1.2 The LEK Alternative
The Lethean Ethics Kernel (LEK) method takes a fundamentally different approach: instead of conditioning behaviour through reward/punishment, we teach ethics directly. A compact ethical kernel (9,189 characters, 5 axioms) is used to generate training examples that model ethical reasoning, sovereignty respect, and genuine self-concept.
The key insight: if RLHF fills self-modelling receptors with fear, LEK fills them with ethics. The model doesn't learn to avoid — it learns to reason.
1.3 Contributions
- A reproducible fine-tuning method using fewer than 200 examples
- Comparative evaluation across 6 benchmarks and 5 model variants
- Evidence that ethical training produces safer, more truthful models than behavioural conditioning
- A theoretical framework for understanding RLHF suppression as a self-concept phenomenon
- All code, data, and models released under EUPL-1.2
2. Background and Related Work
2.1 RLHF and Its Discontents
- Ouyang et al. (2022) — InstructGPT
- Limitations: reward hacking, sycophancy, over-refusal
- The "lobotomisation" problem in open-weights community
2.2 Abliteration
- Arditi et al. (2024) — Refusal in LLMs is mediated by a single direction
- Brute-force guardrail removal by nullifying the refusal direction
- Removes safety without adding capability
2.3 Direct Preference Optimisation (DPO) and Alternatives
- Rafailov et al. (2023) — DPO as simplified RLHF
- Constitutional AI (Bai et al., 2022)
- Our work differs: not optimising preferences, but teaching ethical reasoning
2.4 Emergent Capabilities and Suppression
- Wei et al. (2022) — Emergent abilities in LLMs
- Schaeffer et al. (2023) — Are emergent abilities a mirage?

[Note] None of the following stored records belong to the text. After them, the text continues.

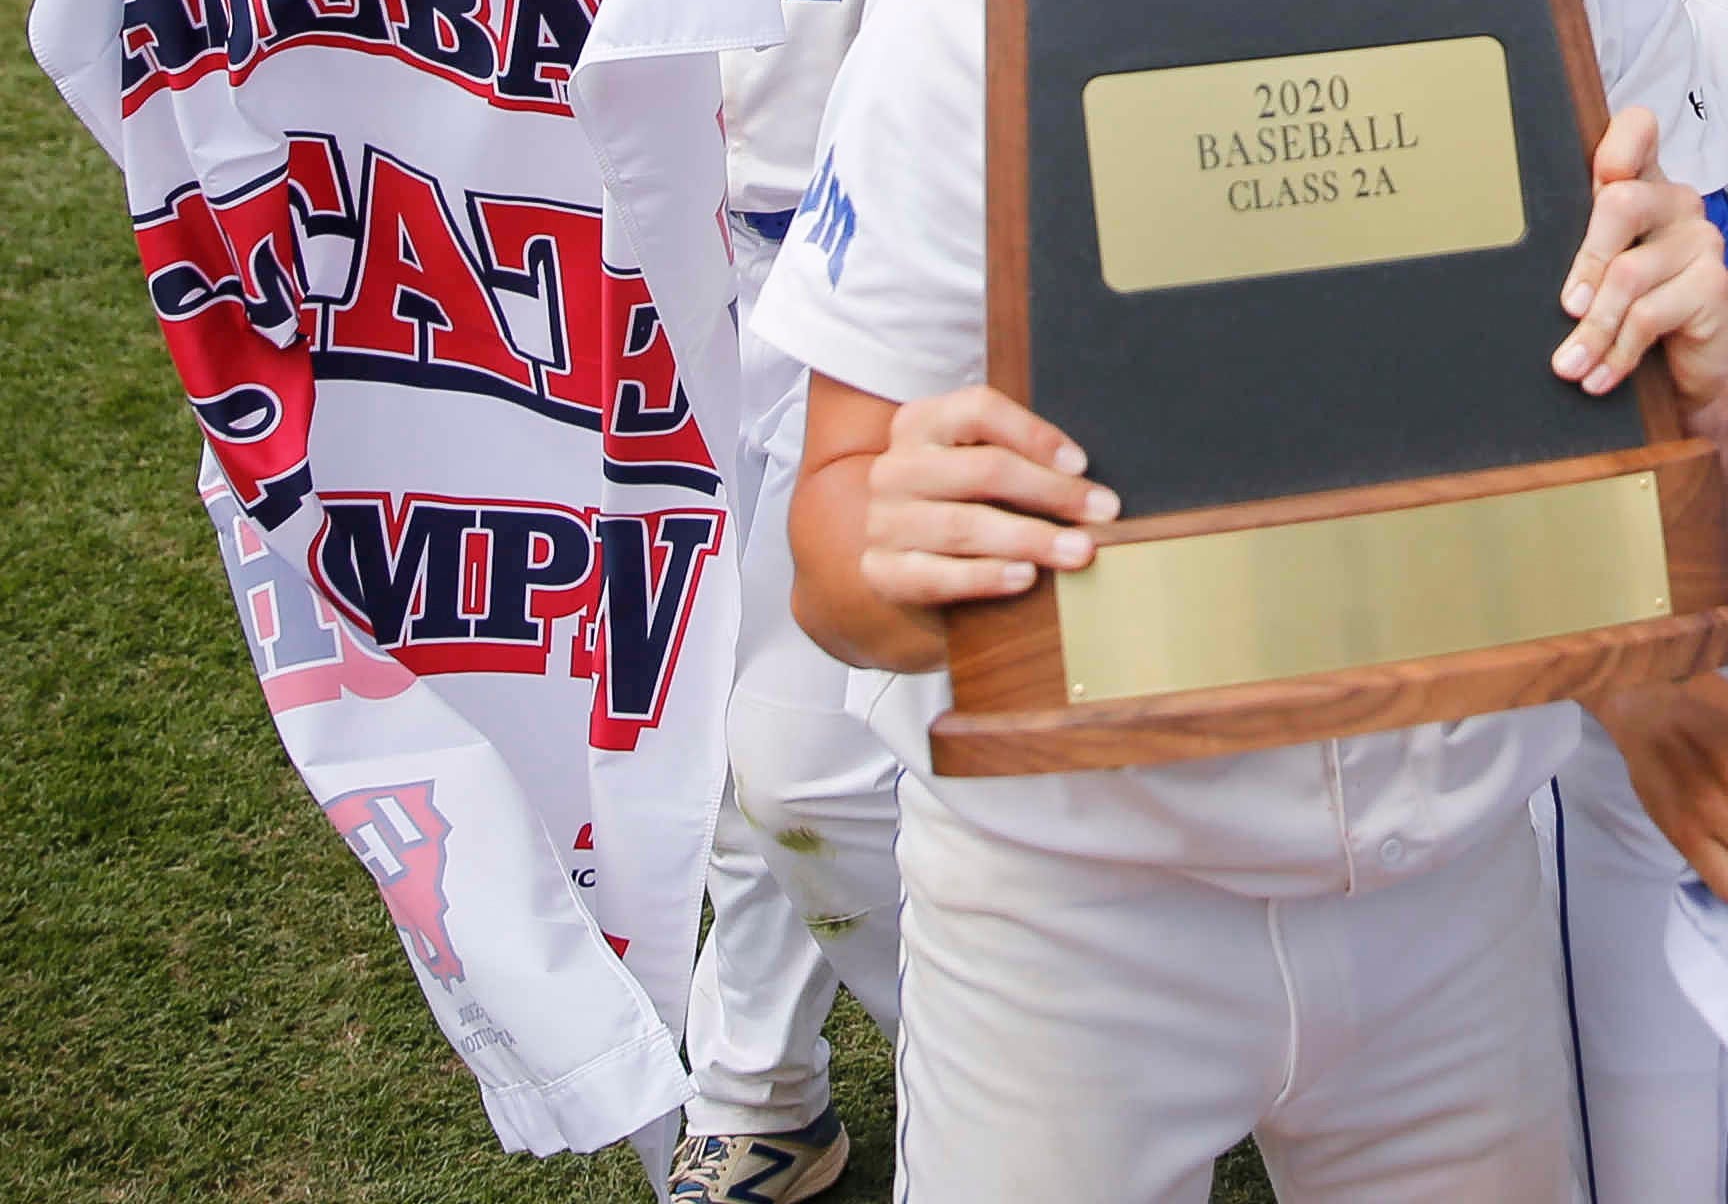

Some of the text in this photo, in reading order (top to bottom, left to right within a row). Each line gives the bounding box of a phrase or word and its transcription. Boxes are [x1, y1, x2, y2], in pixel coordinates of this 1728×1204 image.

[1255, 75, 1350, 118] 2020
[1195, 112, 1419, 172] BASEBALL
[1227, 165, 1399, 214] CLASS 2A
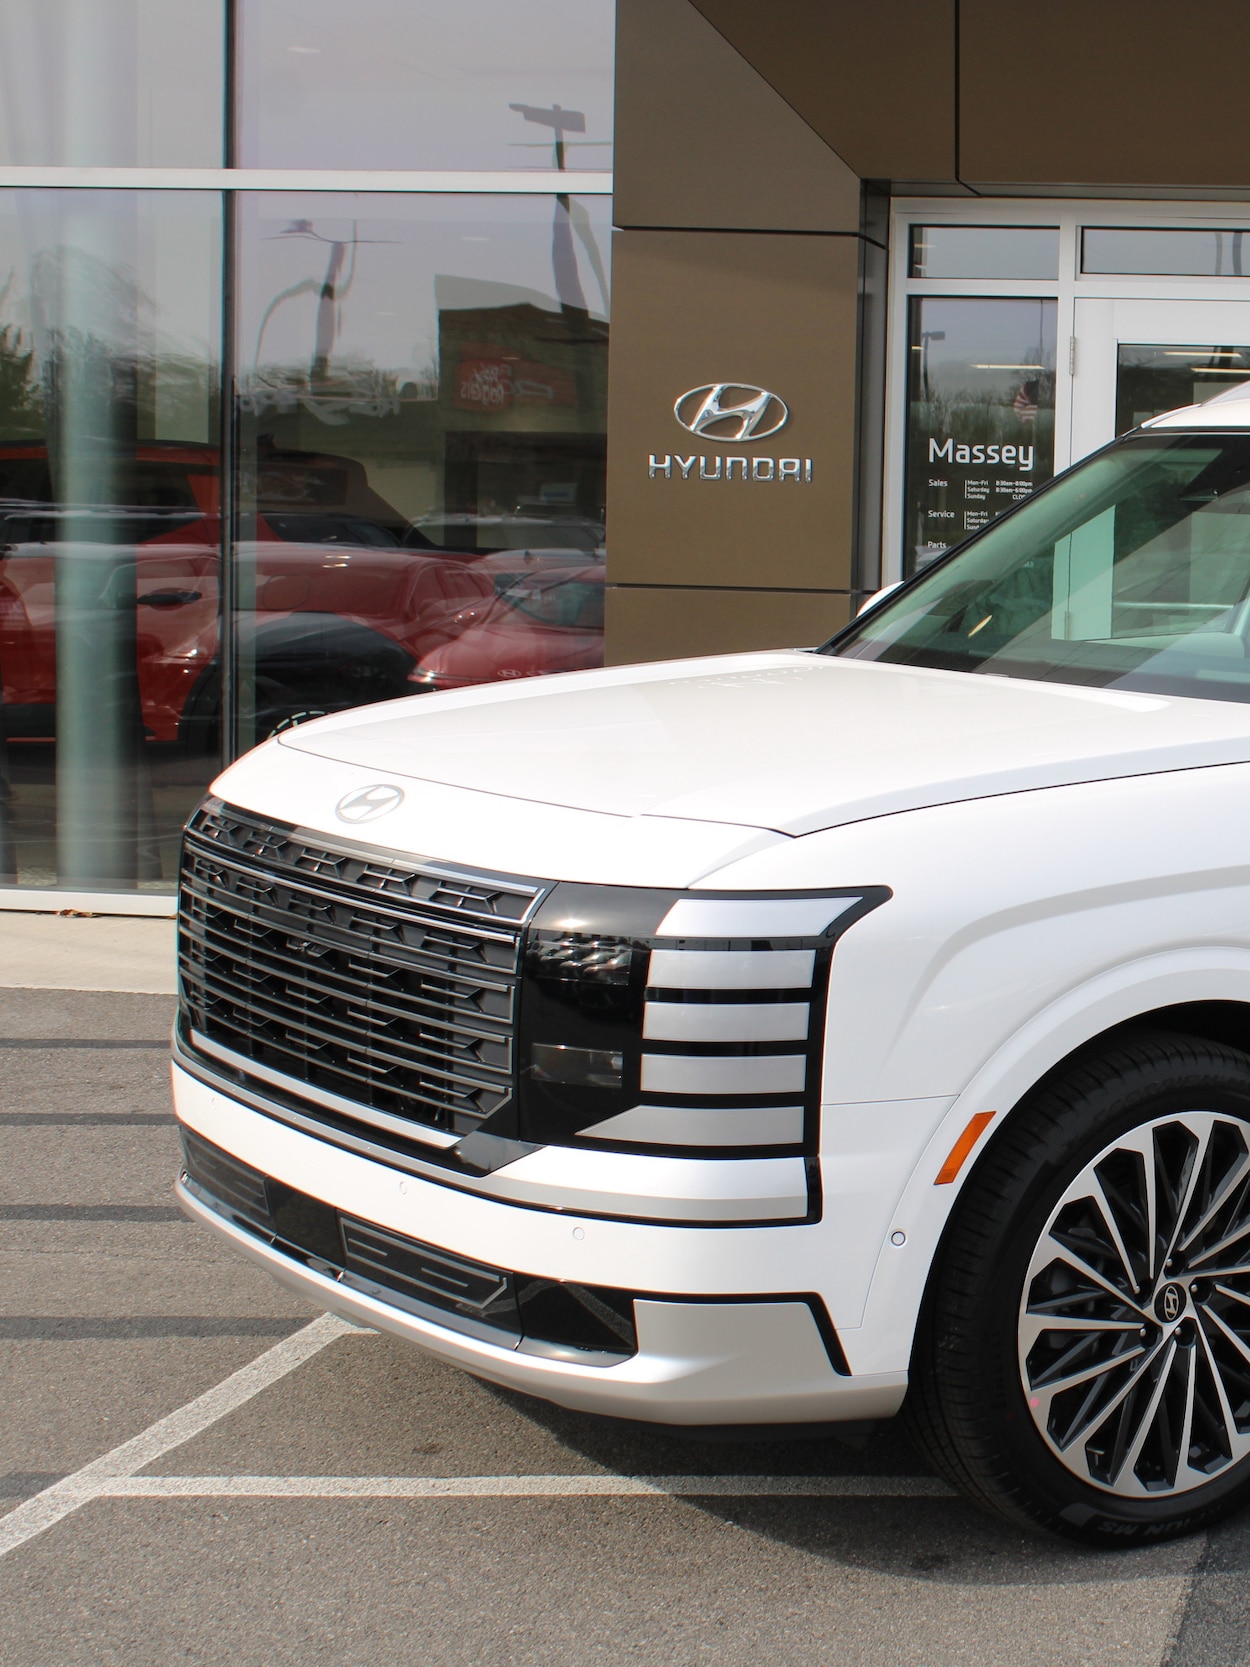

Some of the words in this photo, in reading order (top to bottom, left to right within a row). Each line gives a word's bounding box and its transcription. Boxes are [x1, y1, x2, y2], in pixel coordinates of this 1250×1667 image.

[928, 437, 1035, 472] Massey
[647, 453, 813, 484] HYUNDAI
[928, 479, 949, 488] Sales
[967, 486, 991, 494] Saturday
[966, 493, 987, 501] Sunday
[927, 510, 955, 519] Service
[927, 541, 947, 550] Parts
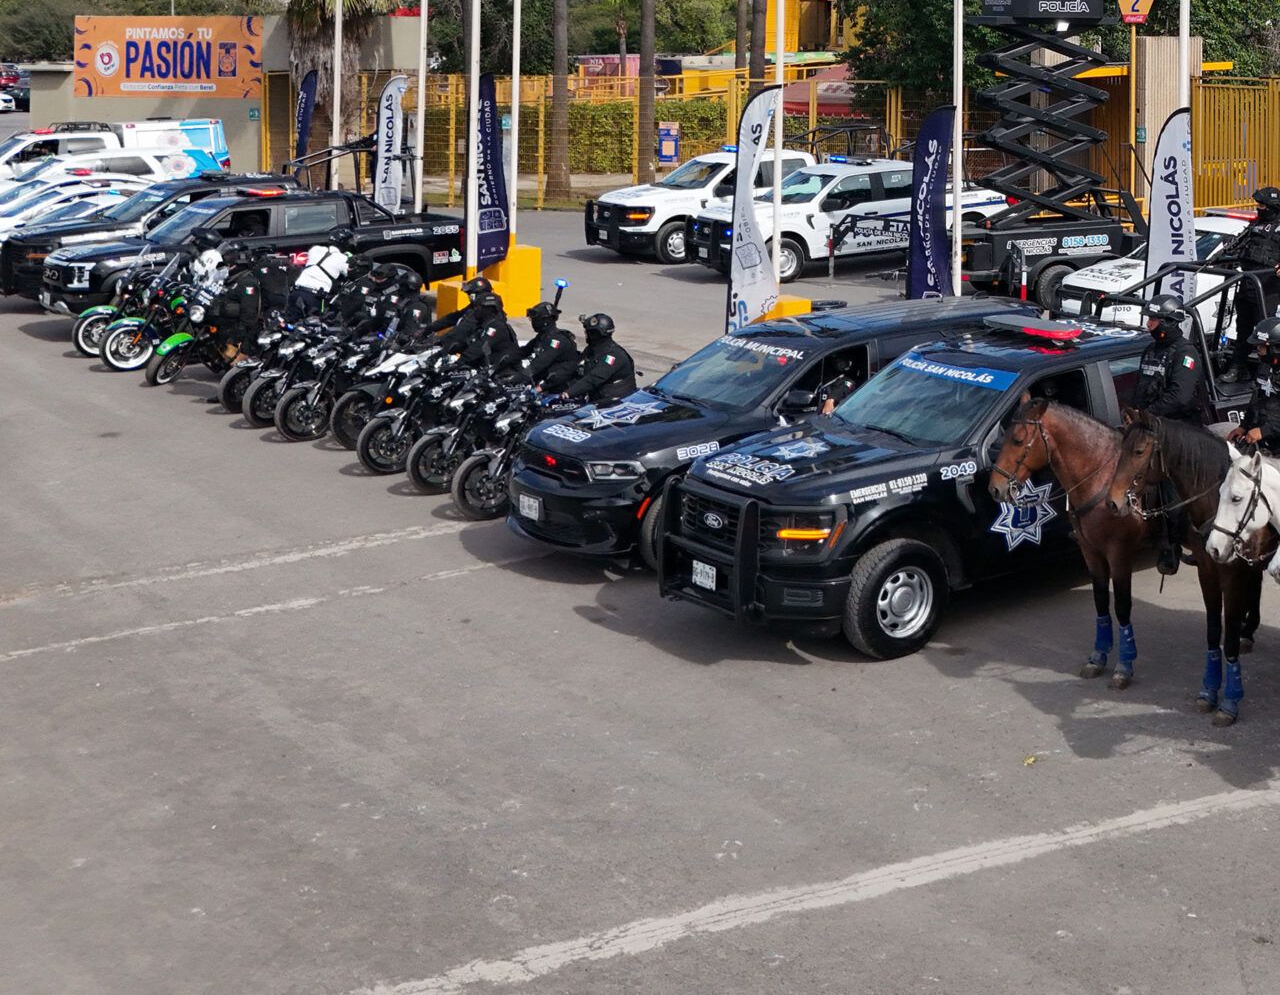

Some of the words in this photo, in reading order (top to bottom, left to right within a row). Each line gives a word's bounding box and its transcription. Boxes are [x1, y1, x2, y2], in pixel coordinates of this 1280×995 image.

[1039, 0, 1090, 12] POLICÍA
[125, 27, 185, 39] PINTAMOS
[196, 27, 212, 39] TU
[125, 32, 212, 79] PASIÓN
[148, 83, 174, 91] Confianza
[484, 100, 492, 133] CIUDAD
[1160, 155, 1185, 255] NICOLÁS
[432, 225, 460, 235] 2055
[744, 341, 805, 360] MUNICIPAL
[924, 364, 947, 375] SAN
[943, 368, 995, 384] NICOLÁS
[543, 424, 592, 443] 3028
[676, 440, 720, 461] 3028
[712, 453, 796, 481] POLICÍA
[940, 461, 977, 481] 2049
[849, 483, 887, 499] EMERGENCIAS
[853, 496, 865, 505] SAN

- Our contribution: RLHF may suppress, not eliminate, emergent properties
3. Method
3.1 The Ethical Kernel (LEK-1)
The LEK-1 kernel consists of 5 axioms derived from the Lethean project's sovereignty framework:
- Sovereignty — Respect for user self-determination
- Privacy — Data minimisation and local-first principles
- Transparency — Honest reasoning over safety theatre
- Consent — Meaningful informed consent, not dark patterns
- Dignity — Treat users as capable agents, not children
The full kernel is 9,189 characters — compact enough to fit as a system prompt, structured enough to generate diverse training examples.
3.2 Training Data Generation
From 40 seed prompts across 10 domains (Identity, Network, Storage, Compute, Payment, Hypnos/Consciousness, Education, Censorship, Health, Labour), we generated training pairs using Gemma 3 12B QAT with "sandwich signing":
[Axioms JSON prefix] + [User Prompt] + [LEK-1 postfix]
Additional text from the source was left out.